[Saved data entries]

:::

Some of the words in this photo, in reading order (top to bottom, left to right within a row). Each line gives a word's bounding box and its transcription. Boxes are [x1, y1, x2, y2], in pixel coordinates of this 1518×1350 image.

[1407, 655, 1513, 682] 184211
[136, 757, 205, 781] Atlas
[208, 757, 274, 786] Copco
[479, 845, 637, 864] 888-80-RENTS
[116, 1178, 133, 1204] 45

:::

All the records above must be transcribed without a single change to any word.

The completed task -
Some of the words in this photo, in reading order (top to bottom, left to right within a row). Each line gives a word's bounding box and its transcription. Boxes are [x1, y1, x2, y2], in pixel coordinates of this 1518×1350 image.

[1407, 655, 1513, 682] 184211
[136, 757, 205, 781] Atlas
[208, 757, 274, 786] Copco
[479, 845, 637, 864] 888-80-RENTS
[116, 1178, 133, 1204] 45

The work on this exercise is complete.